Hands down the best book I've read about sex, sexuality, and marriage/relationships. Of course he talks about techniques, but he emphasizes the importance of creating an intimate and committed relationship that is simply enhanced by the techniques and tips he offers. Very practical and, perhaps more importantly, deals with the realities of sex and the realities of life. I would definitely recommend it to any married couple regardless of the state of your marriage.
This book is very practical in terms of it's advice on developing sexual intimacy and it is sprinkled with a number of Biblical principles. However, the book is what it says it is. It is moreso a guide, and might be helpful to be read through with a spouse in order to take full advantage of the content. The book does lack in some areas of biblical interpretation and application.
While not endorsing everything in this book, it is very good and quite comprehensive guide to love-making. Christians have a corner on the wonder of marriage and ought to enjoy this mystery more.
Having a strong, Christian faith will flourish any marriage with these Sex Tips. It explains how to connect on a more intimate level when two become one flesh.

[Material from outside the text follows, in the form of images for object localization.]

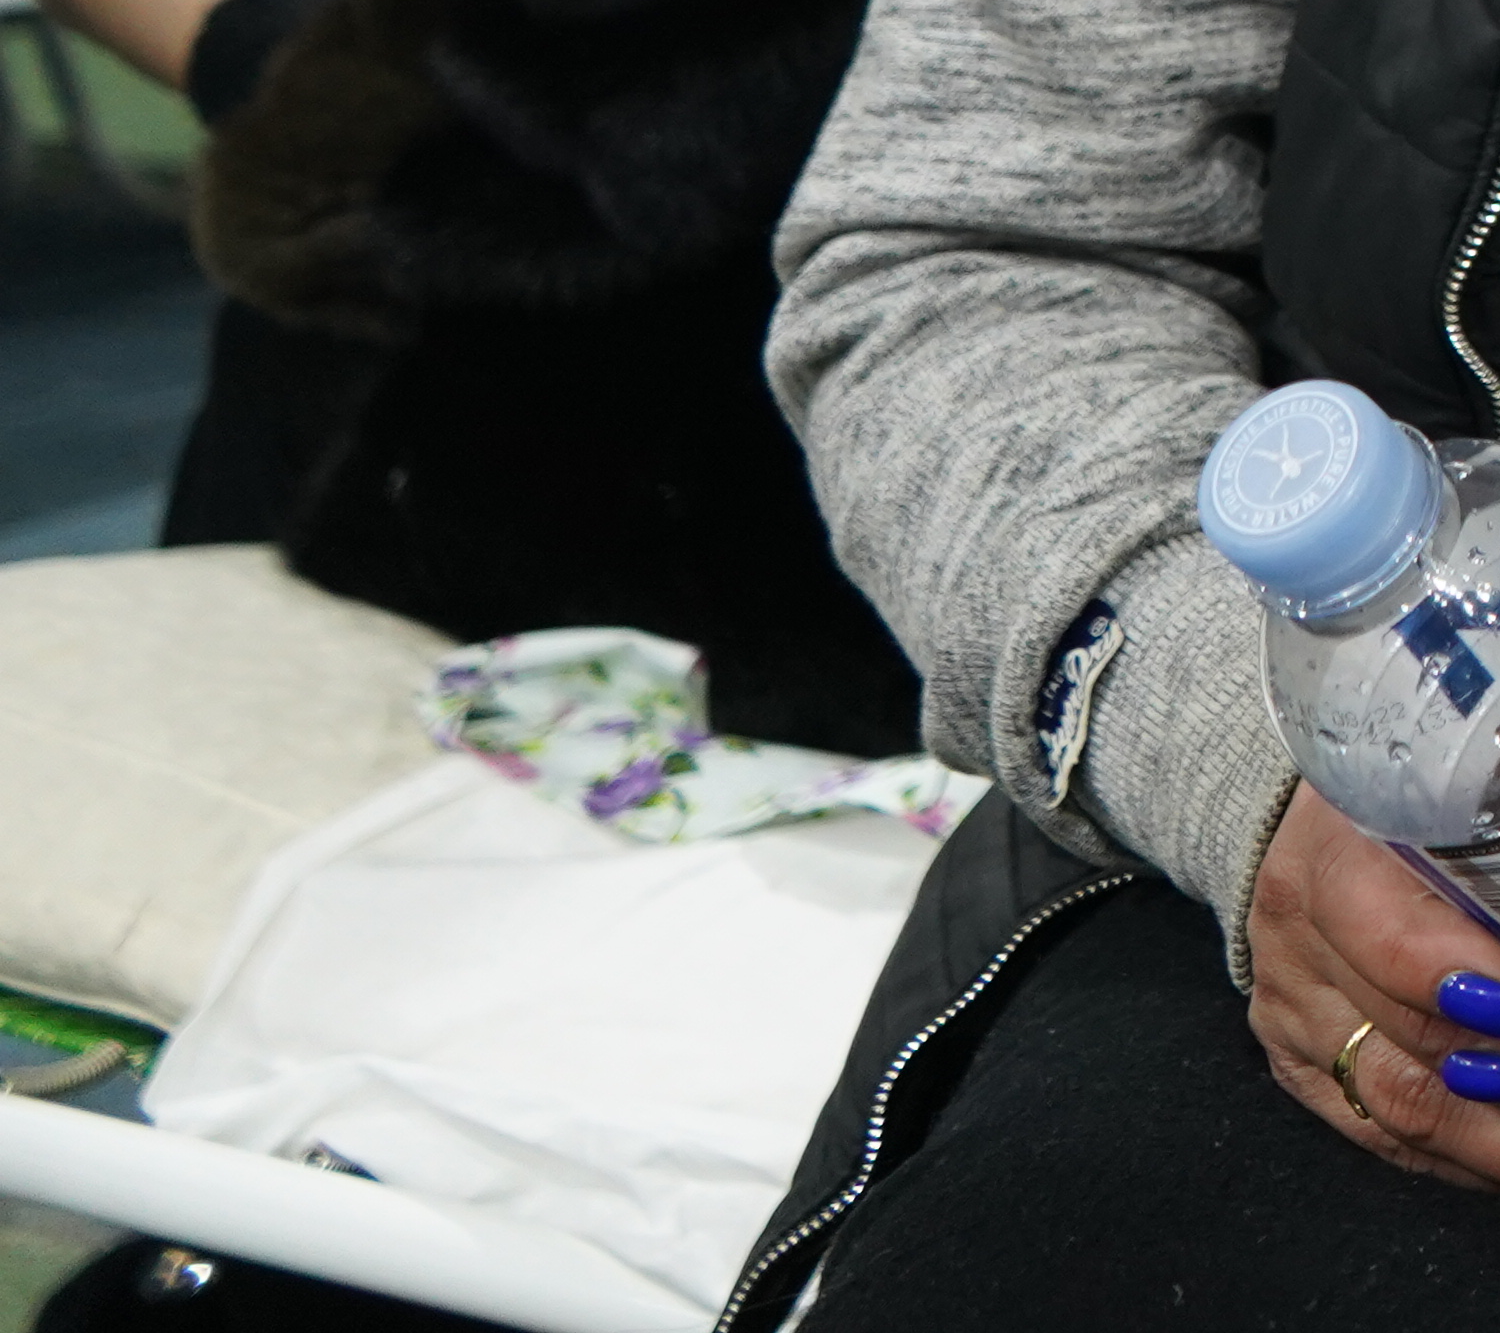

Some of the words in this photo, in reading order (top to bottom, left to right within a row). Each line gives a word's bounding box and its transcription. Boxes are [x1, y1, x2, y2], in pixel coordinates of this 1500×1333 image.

[1263, 397, 1342, 424] LIFESTYLE
[1222, 424, 1260, 479] ACTIVE
[1320, 435, 1351, 490] PURE
[1221, 486, 1239, 515] FOR
[1250, 491, 1321, 527] WATER

If you grew up in an environment where sex was considered dirty and shame filled; this book will help you overcome the religiously imposed dogma foundational to evangelicalism. It celebrates sex if you identify as straight and Christian. But as someone who is straight and Christian our homies in the LGBT community were left out. Woman’s sexual agency was ignored. Fun non vanilla sex is ignored. Needless to say the book hasn’t aged well. I believe the author means well but hasn’t bothered to really engage or update to the real modern world. I struggled to get through this book let alone finish it. It’s a shame because people have sex in different ways and this could have been a really inclusive book free of criticism. Anyway I cannot in good faith suggest this book to most people.
That awkward moment when you admit to reading a book about sex and post a review of it for the public to see. I'm not on board with everything prescribed inside (i.e., squirt guns), but generally this is a good text on the subject that is both practical and still honoring the marital bed God established.
This author cherry picked bible verses and applied them in ways so far out of context that in my mind he disqualified himself as a legit expert on either Christianity or sex. Because it was a bookclub pick, I slogged through the first 7 chapters of repetitive, ridiculous rhetoric. At that point, I thought 'he cherry picks, so will I.' So I skipped around and tried a few chapters that I thought might be interesting. Nope. Nada. Nothing.
This is a book I frequently recommend to my clients. Rosenau does a beautiful job of combining anatomy/scientific understanding with the Biblical narrative and design for sex. I would recommend this be the go to book for premarital counselors to give out.
Read the Ebook version, very interesting, especially enjoyed the first few chapters which go through what the bible says about marriage. A good reference book to dip in and out of.
Rosenau is helpfully clear and practical on married sexual topics while never slipping into crass humor. Would recommend to any husband and wife who are looking to grow in their sexual relationship.